■ What is required: In full and without alteration, copy the listing.

----

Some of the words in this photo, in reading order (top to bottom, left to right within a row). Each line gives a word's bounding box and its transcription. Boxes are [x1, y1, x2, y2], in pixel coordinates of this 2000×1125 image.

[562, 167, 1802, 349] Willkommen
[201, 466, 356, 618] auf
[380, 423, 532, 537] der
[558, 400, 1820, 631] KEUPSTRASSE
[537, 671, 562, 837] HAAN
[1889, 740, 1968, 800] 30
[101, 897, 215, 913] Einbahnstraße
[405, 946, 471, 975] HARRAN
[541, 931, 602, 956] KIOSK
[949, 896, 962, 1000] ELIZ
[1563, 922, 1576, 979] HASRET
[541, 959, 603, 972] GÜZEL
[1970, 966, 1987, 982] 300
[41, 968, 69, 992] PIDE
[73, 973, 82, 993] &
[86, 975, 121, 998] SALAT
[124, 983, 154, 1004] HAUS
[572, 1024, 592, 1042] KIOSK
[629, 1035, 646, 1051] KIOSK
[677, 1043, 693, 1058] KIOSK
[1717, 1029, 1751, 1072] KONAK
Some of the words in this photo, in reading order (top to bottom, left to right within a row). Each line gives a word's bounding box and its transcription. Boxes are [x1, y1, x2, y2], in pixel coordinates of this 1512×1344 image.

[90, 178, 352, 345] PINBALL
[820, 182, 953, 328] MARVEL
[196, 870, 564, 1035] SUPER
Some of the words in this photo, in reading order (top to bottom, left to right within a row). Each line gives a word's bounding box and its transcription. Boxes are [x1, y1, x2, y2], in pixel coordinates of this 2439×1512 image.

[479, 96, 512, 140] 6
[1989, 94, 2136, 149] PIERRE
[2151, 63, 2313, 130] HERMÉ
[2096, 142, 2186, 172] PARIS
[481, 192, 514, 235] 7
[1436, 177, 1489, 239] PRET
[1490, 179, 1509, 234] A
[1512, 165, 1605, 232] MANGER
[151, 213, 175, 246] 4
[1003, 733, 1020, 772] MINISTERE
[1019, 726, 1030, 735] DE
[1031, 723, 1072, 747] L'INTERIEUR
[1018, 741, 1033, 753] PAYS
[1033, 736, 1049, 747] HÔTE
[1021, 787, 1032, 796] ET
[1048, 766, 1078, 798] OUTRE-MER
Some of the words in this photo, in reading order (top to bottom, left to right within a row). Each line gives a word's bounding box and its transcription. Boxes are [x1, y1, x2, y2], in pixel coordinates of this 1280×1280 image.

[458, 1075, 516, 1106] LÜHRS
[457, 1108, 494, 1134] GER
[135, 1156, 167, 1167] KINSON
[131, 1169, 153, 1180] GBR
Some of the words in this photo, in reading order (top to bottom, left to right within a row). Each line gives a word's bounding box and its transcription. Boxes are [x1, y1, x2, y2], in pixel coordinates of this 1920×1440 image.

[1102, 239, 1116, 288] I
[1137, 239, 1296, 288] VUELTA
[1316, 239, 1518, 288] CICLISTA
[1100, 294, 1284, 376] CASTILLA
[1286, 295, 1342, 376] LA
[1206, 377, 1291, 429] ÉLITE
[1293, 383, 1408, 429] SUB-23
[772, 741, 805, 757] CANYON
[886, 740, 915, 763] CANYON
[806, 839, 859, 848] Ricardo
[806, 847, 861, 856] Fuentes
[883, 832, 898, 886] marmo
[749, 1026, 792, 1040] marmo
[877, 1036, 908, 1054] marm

----

■ Reply to the exercise:
Some of the words in this photo, in reading order (top to bottom, left to right within a row). Each line gives a word's bounding box and its transcription. Boxes are [x1, y1, x2, y2], in pixel coordinates of this 2000×1125 image.

[562, 167, 1802, 349] Willkommen
[201, 466, 356, 618] auf
[380, 423, 532, 537] der
[558, 400, 1820, 631] KEUPSTRASSE
[537, 671, 562, 837] HAAN
[1889, 740, 1968, 800] 30
[101, 897, 215, 913] Einbahnstraße
[405, 946, 471, 975] HARRAN
[541, 931, 602, 956] KIOSK
[949, 896, 962, 1000] ELIZ
[1563, 922, 1576, 979] HASRET
[541, 959, 603, 972] GÜZEL
[1970, 966, 1987, 982] 300
[41, 968, 69, 992] PIDE
[73, 973, 82, 993] &
[86, 975, 121, 998] SALAT
[124, 983, 154, 1004] HAUS
[572, 1024, 592, 1042] KIOSK
[629, 1035, 646, 1051] KIOSK
[677, 1043, 693, 1058] KIOSK
[1717, 1029, 1751, 1072] KONAK
Some of the words in this photo, in reading order (top to bottom, left to right within a row). Each line gives a word's bounding box and its transcription. Boxes are [x1, y1, x2, y2], in pixel coordinates of this 1512×1344 image.

[90, 178, 352, 345] PINBALL
[820, 182, 953, 328] MARVEL
[196, 870, 564, 1035] SUPER
Some of the words in this photo, in reading order (top to bottom, left to right within a row). Each line gives a word's bounding box and its transcription. Boxes are [x1, y1, x2, y2], in pixel coordinates of this 2439×1512 image.

[479, 96, 512, 140] 6
[1989, 94, 2136, 149] PIERRE
[2151, 63, 2313, 130] HERMÉ
[2096, 142, 2186, 172] PARIS
[481, 192, 514, 235] 7
[1436, 177, 1489, 239] PRET
[1490, 179, 1509, 234] A
[1512, 165, 1605, 232] MANGER
[151, 213, 175, 246] 4
[1003, 733, 1020, 772] MINISTERE
[1019, 726, 1030, 735] DE
[1031, 723, 1072, 747] L'INTERIEUR
[1018, 741, 1033, 753] PAYS
[1033, 736, 1049, 747] HÔTE
[1021, 787, 1032, 796] ET
[1048, 766, 1078, 798] OUTRE-MER
Some of the words in this photo, in reading order (top to bottom, left to right within a row). Each line gives a word's bounding box and its transcription. Boxes are [x1, y1, x2, y2], in pixel coordinates of this 1280×1280 image.

[458, 1075, 516, 1106] LÜHRS
[457, 1108, 494, 1134] GER
[135, 1156, 167, 1167] KINSON
[131, 1169, 153, 1180] GBR
Some of the words in this photo, in reading order (top to bottom, left to right within a row). Each line gives a word's bounding box and its transcription. Boxes are [x1, y1, x2, y2], in pixel coordinates of this 1920×1440 image.

[1102, 239, 1116, 288] I
[1137, 239, 1296, 288] VUELTA
[1316, 239, 1518, 288] CICLISTA
[1100, 294, 1284, 376] CASTILLA
[1286, 295, 1342, 376] LA
[1206, 377, 1291, 429] ÉLITE
[1293, 383, 1408, 429] SUB-23
[772, 741, 805, 757] CANYON
[886, 740, 915, 763] CANYON
[806, 839, 859, 848] Ricardo
[806, 847, 861, 856] Fuentes
[883, 832, 898, 886] marmo
[749, 1026, 792, 1040] marmo
[877, 1036, 908, 1054] marm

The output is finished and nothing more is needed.